A subsidiary of International Business Machines Corp. pleaded guilty yesterday to illegally supplying a Russian nuclear weapons facility with 17 high-speed computers and agreed to pay $8.5 million in fines.
 
The Russian firm, IBM East Europe/Asia Ltd., made the plea in U.S. District Court before Judge Norma Holloway Johnson. The firm is a wholly owned subsidiary of the New York-based IBM.
 
The U.S. supercomputers were sold in 1996 and 1997 to the Arzamas-16 nuclear weapons laboratory through two Russian front companies that acted as agents for the laboratory and who were identified in court papers as Jet InfoSystems and Ofort.
 
Arzamas-16 is a laboratory run by the Russian government's Federal Nuclear Center.
 
 
Amanda DeBusk, assistant secretary of commerce for export enforcement, said the government is trying to get back 16 of the networked high-speed computers and has yet to locate the one other IBM supercomputer.
 
 
"We are in extensive engagement with the Russian government and are trying to get those back," she said, noting that the matter is being pursued through diplomatic channels.
 
Miss DeBusk said a second case involving the illegal diversion of a high-speed computer made by Silicon Graphics Inc. that also went to Arzamas-16 is still under investigation.
 
As part of the settlement, the Justice Department agreed not to prosecute IBM, although court papers left it less than clear what role the company had in the diversion.
 
Such computers cannot be sold abroad without export licenses, and sales are prohibited when the computer will be used to help develop nuclear weapons.
 
Sixteen of the supercomputers were connected in series at the weapons laboratory to increase overall computing power; the 17th was a single, high-speed system, according to court documents.
 
Weapons experts said a bank of 16 IBM RS/6000 computers like those sold to Russia perform 3.3 billion operations per second - a computer speed measurement - exceeding the 2 billion per second calculation speed that requires an export license.
 
Court papers said Russian nuclear weapons officials traveled to a Japanese government facility to view the operation of networked IBM supercomputers being offered for sale.

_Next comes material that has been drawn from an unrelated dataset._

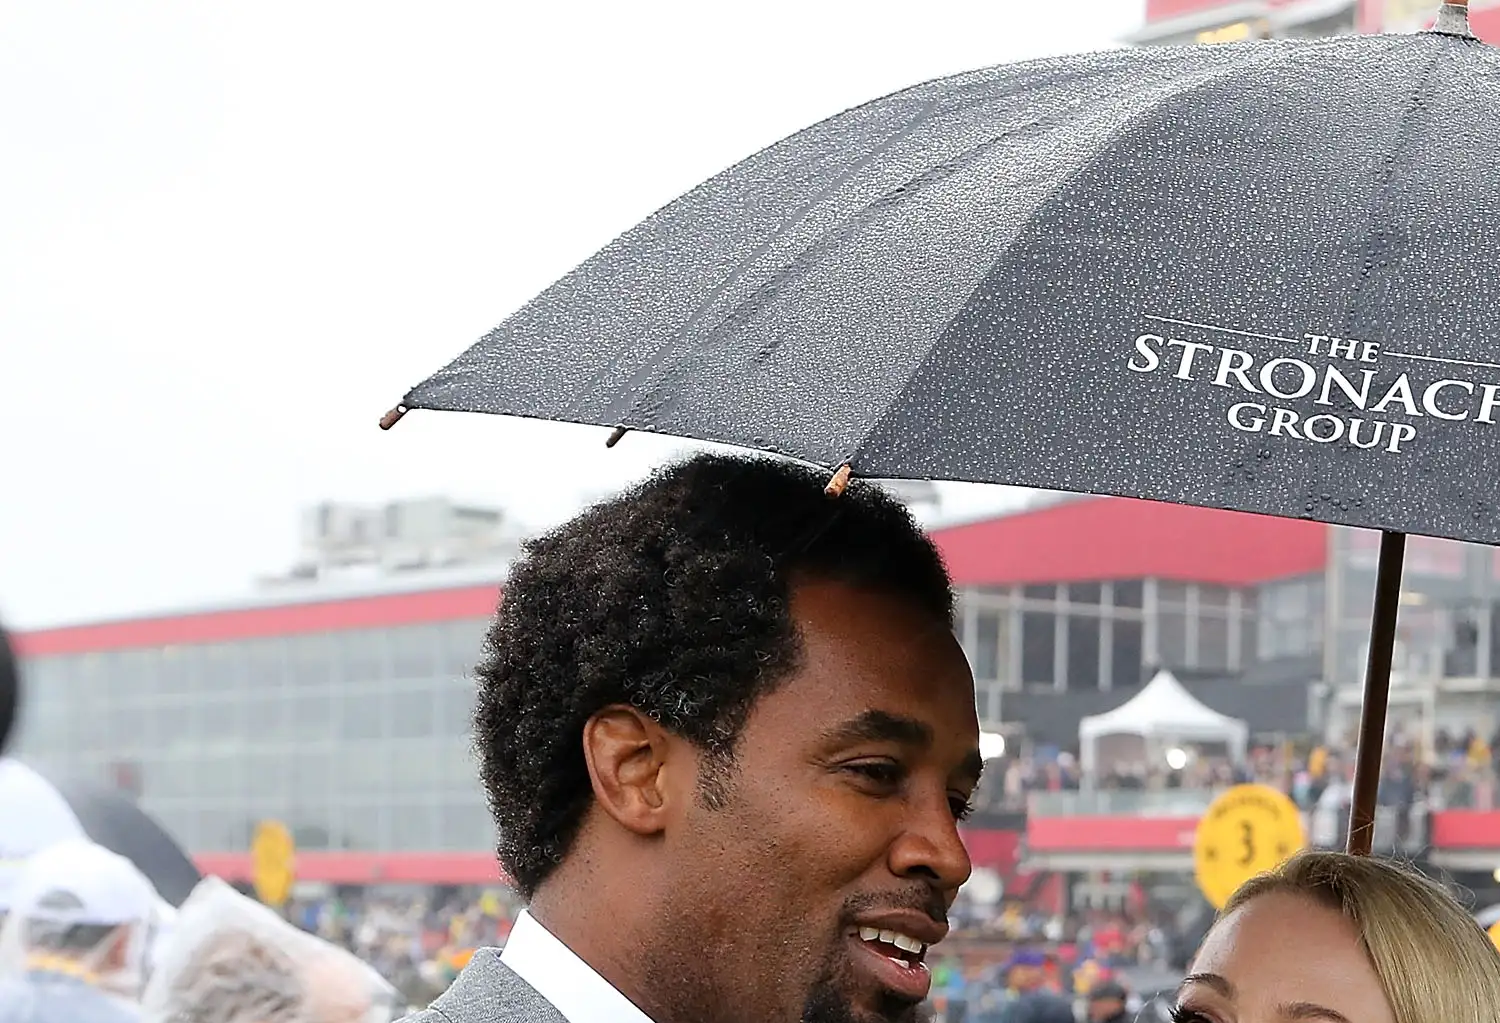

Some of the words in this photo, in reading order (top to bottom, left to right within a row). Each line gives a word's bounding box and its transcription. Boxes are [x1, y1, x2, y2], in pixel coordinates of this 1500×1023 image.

It eventually paid $1.5 million for the 16 networked computers and $600,000 for the single supercomputer.
 
Critics of the Clinton administration's decision in October 1995 to ease controls on sales of supercomputers said the IBM case highlights the problem.
 
 
"The fact that the Russian nuclear weapons complex was able to obtain these high-performance computers is the direct result of the administration's 1995 decontrol," said a senior Senate aide.
 
Gary Milhollin, director of the Wisconsin Project on Nuclear Arms Control, said the IBM case "confirms that Russia is now designing nuclear weapons with American equipment."
 
"The machines sold multiply the computer power previously available to the Russians roughly by a factor of 10," Mr. Milhollin said.
 
"The government is leaving up in the air the question of whether an American company is responsible abroad for what is done with its own products," he said. "That's disturbing."
 
IBM spokesman Rob Wilson said the corporation had no role in the case and that a Russian national who was involved had been dismissed from the subsidiary.
 
"We regret the involvement of our Russian subsidiary in this case," he said. "IBM will not tolerate any violation of its standards of business conduct. We cooperated fully with the federal government and we're pleased that this matter was resolved."
 
The company has put new controls in place to avoid any further illegal diversions, he said.
 
 
The Commerce Department rejected a license request to sell the computers to the weapons lab in October 1997, but the computers were transported from the Netherlands to the Russian nuclear complex on Oct. 3, according to court papers.
 
The illegal sales were first disclosed on Jan. 13, 1997, by Russian Atomic Energy Minister Victor Mikhailov, who announced the weapons laboratories had acquired the supercomputers.